Yang and colleagues first documented the risks posed by porcine endogenous retroviruses to human cells. In a series of lab tests, the team confirmed the retroviruses can infect human cells, when cultured together. The team then showed the ability for infected human cells to spread the retroviruses to other uninfected human cells. These tests underscored the need to first deactivate porcine endogenous retroviruses in donor animals.

Next, the researchers mapped the genome of connective tissue in pigs and identified 25 regions where porcine endogenous retroviruses could be derived. Using the genome editing technique Crispr — for clustered regularly interspaced short palindromic repeats — and the enzyme Cas9 to perform the edits, the team was able to remove from the pig genome copies of the genes responsible for the retroviruses.

Attempts to clone the connective tissue cells showed the genome editing removed as much as 90 percent of retrovirus genes, but not all. The researchers needed to treat the precursor cells to a cocktail of growth factors and inhibitor proteins during genetic, making it possible to produce pig embryos with inactivated genes that express the retroviruses, indicated by the lack of characteristic virus particles secreted by the modified cells.
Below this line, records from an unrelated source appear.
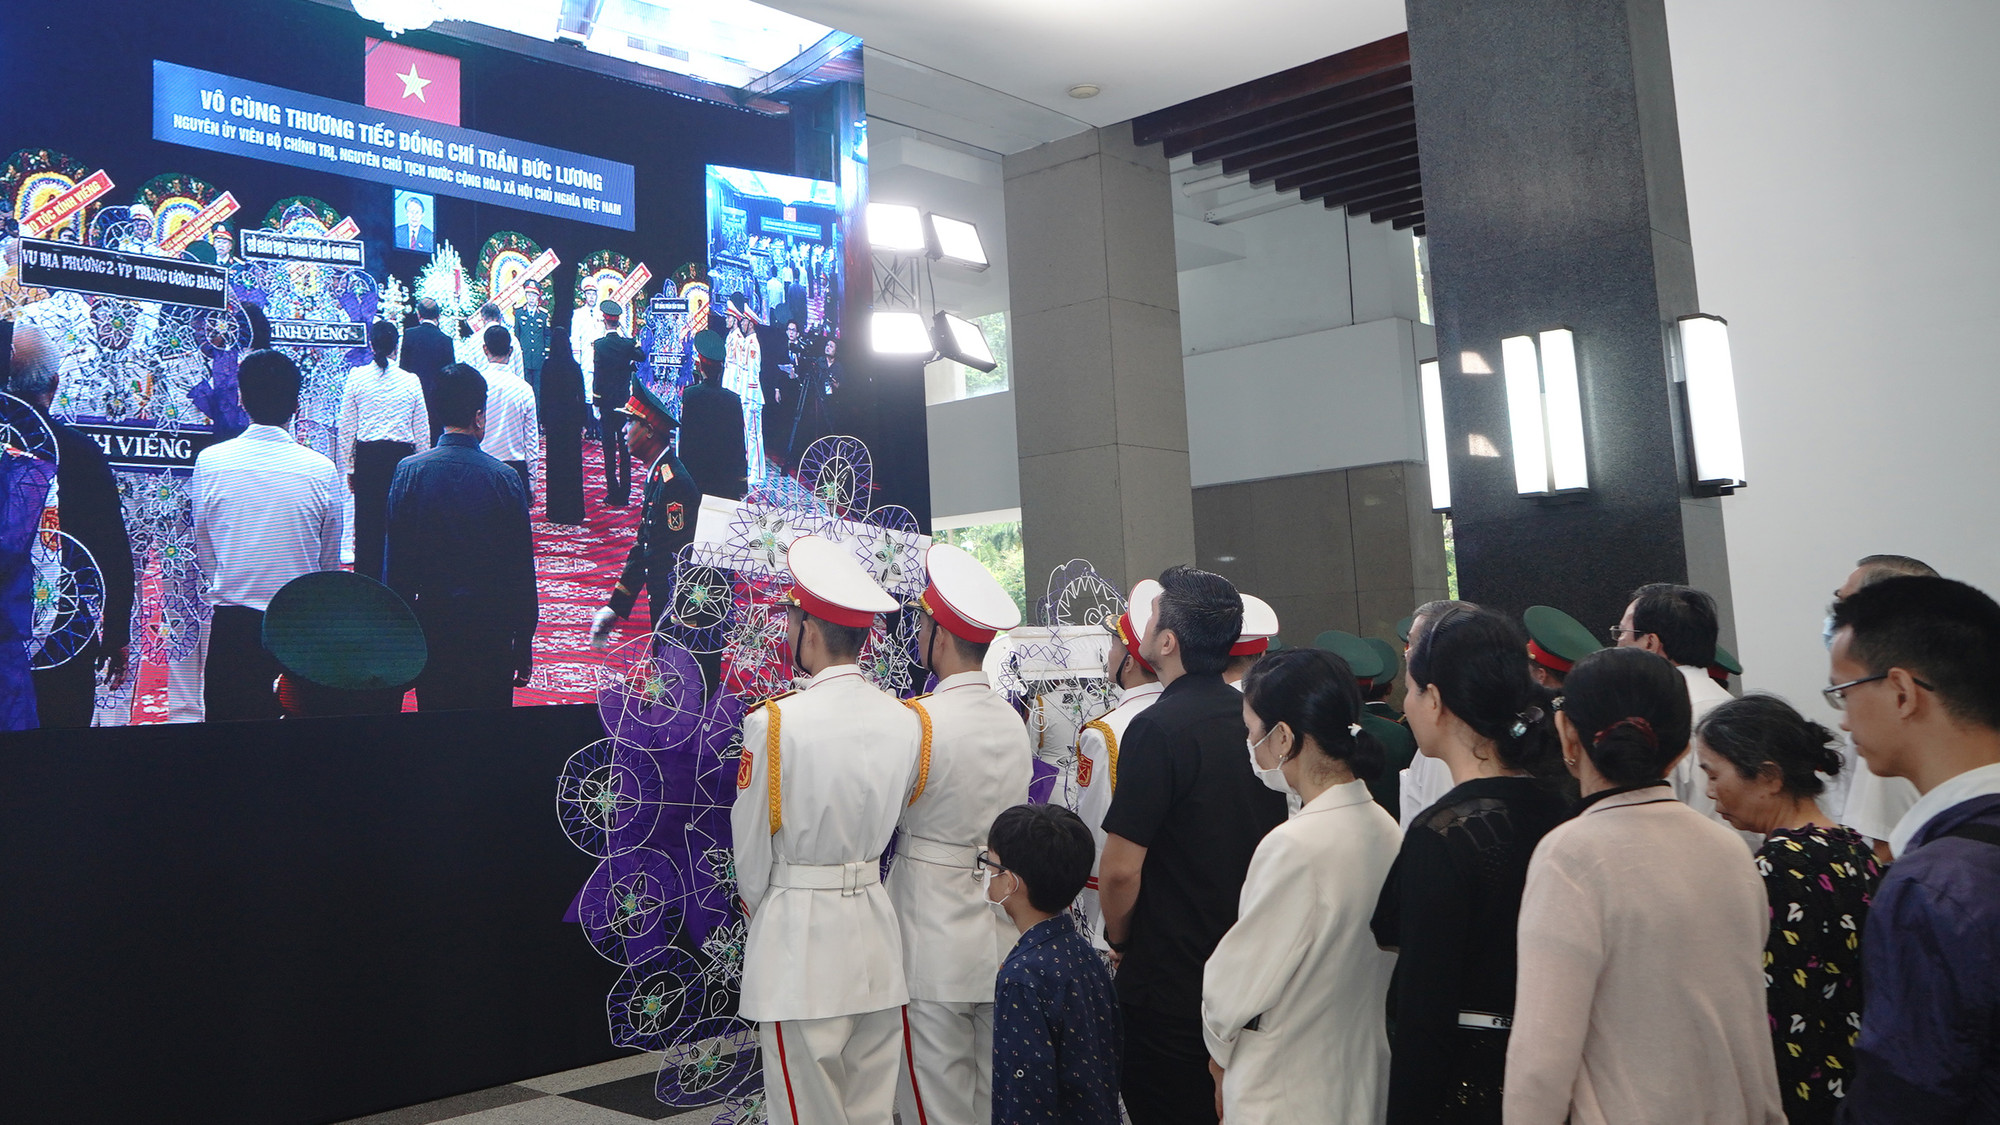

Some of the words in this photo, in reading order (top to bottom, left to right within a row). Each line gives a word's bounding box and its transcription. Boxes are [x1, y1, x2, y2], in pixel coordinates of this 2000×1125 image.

[173, 113, 220, 137] NGUYÊN
[221, 120, 237, 140] ỦY
[238, 126, 264, 146] VIÊN
[266, 132, 282, 151] BỘ
[283, 136, 317, 156] CHÍNH
[339, 147, 381, 169] NGUYÊN
[382, 154, 402, 173] CHỦ
[404, 160, 426, 177] TỊCH
[427, 165, 454, 183] NƯỚC
[455, 170, 482, 190] CỘNG
[482, 176, 502, 193] HÒA
[503, 180, 516, 195] XÃ
[518, 183, 533, 200] HỘI
[534, 186, 553, 203] CHỦ
[554, 191, 581, 208] NGHĨA
[582, 196, 601, 213] VIỆT
[602, 201, 622, 216] NAM
[200, 88, 226, 113] VÔ
[230, 95, 281, 125] CÙNG
[285, 106, 355, 141] THƯƠNG
[358, 121, 395, 149] TIẾC
[398, 129, 444, 159] ĐỒNG
[447, 142, 475, 165] CHÍ
[477, 147, 519, 175] TRẦN
[521, 157, 552, 181] ĐỨC
[555, 165, 603, 192] LƯƠNG
[134, 265, 168, 284] TRUNG
[116, 432, 192, 459] VIẾNG
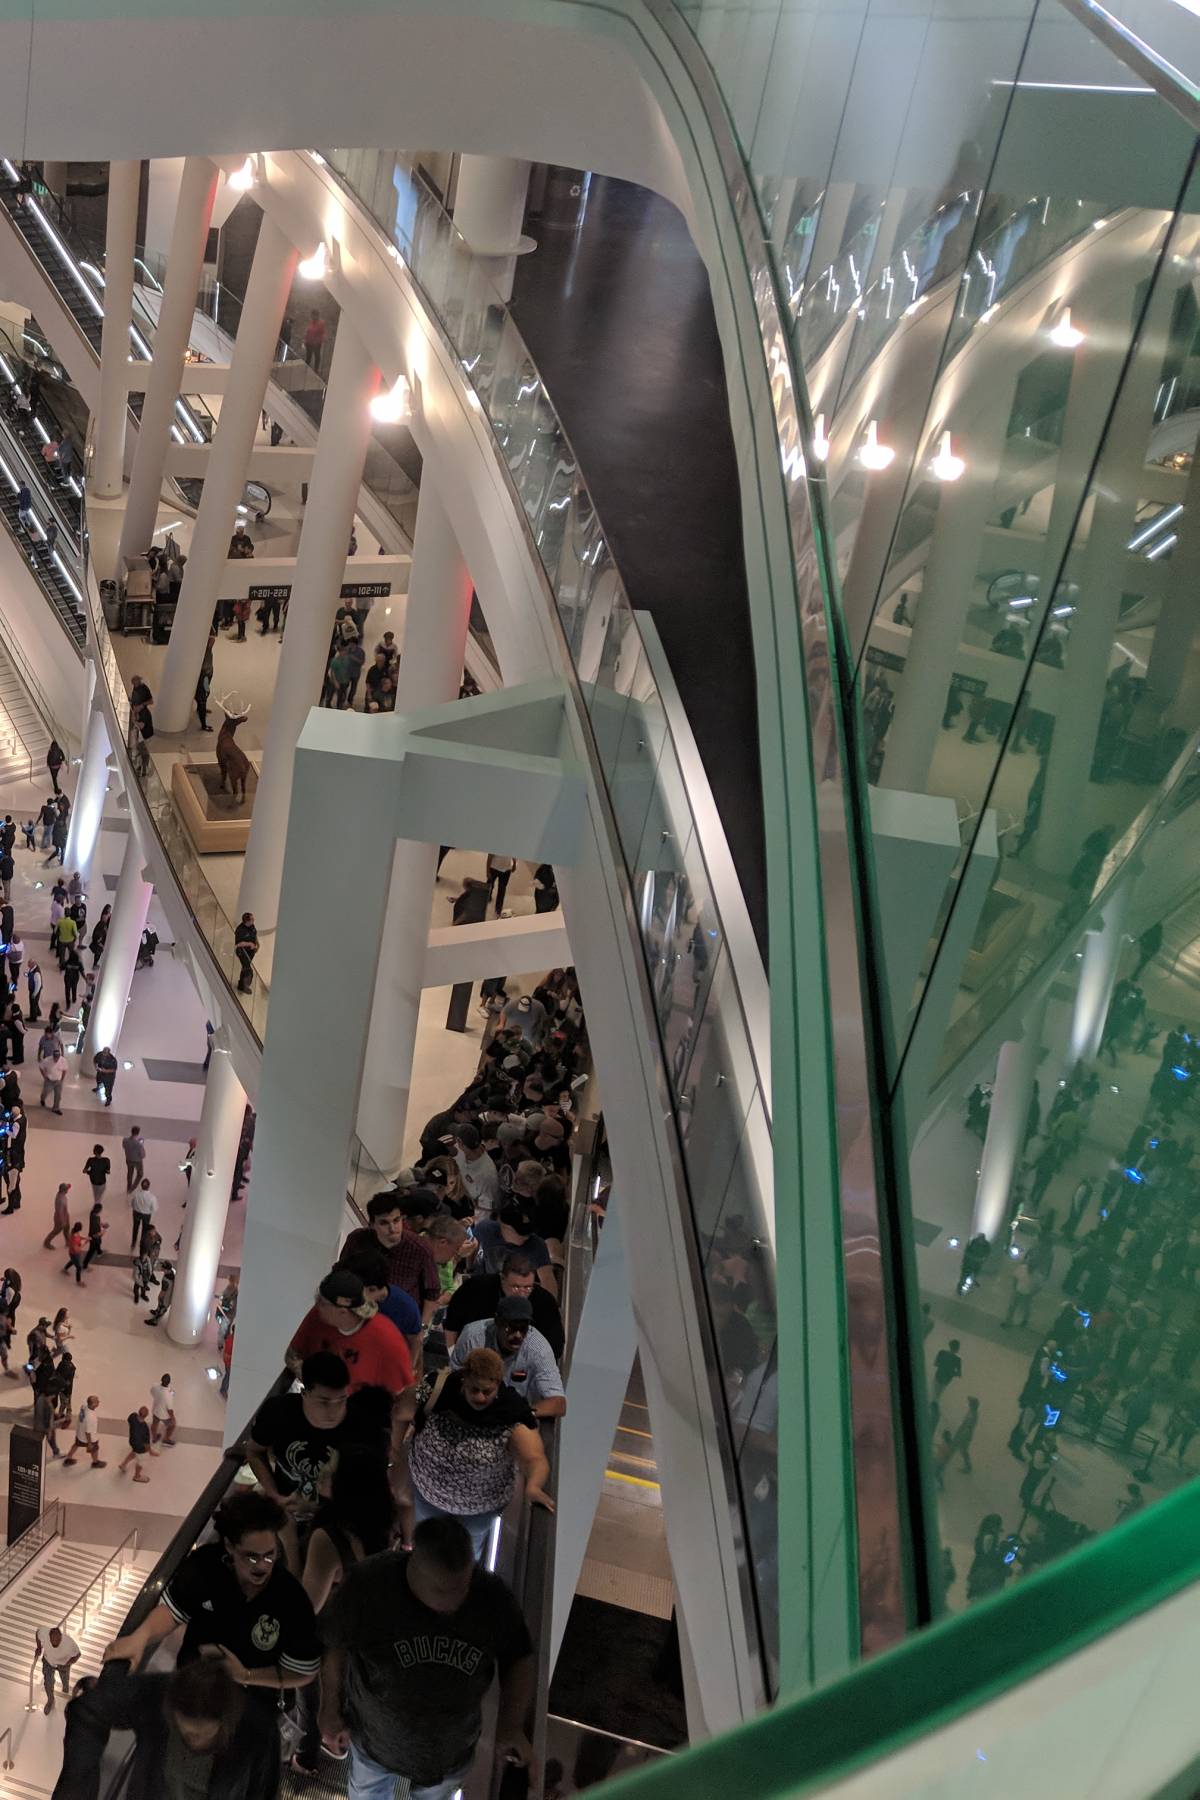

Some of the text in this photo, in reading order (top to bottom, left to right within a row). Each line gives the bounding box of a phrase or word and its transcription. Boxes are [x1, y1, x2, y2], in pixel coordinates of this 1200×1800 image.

[258, 588, 288, 598] 201-228
[358, 586, 382, 596] 102-111
[393, 1635, 484, 1676] BUCKS
The researchers then implanted the embryos in sows determined to be free of the retroviruses, with the resulting piglets also exhibiting no sign of activated genes in the DNA that produce the retroviruses. An analysis of RNA in the pigs’ tissue, the transcription of genetic code that gives instructions for protein in cells, also showed no sign of retrovirus activation. In addition, the researchers were able to produce 37 piglets with deactivated retrovirus genes from 17 sows at the time of the publication, with the oldest piglet still thriving after 4 months.

The eGenesis team says it is monitoring the piglets for long-term effects. “This research represents an important advance in addressing safety concerns about cross-species viral transmission,” says Yang, who serves as the chief scientist at eGenesis, in a company statement. The researchers expect further genome editing may be needed to eliminate potential immune reactions from xenotransplanted organs.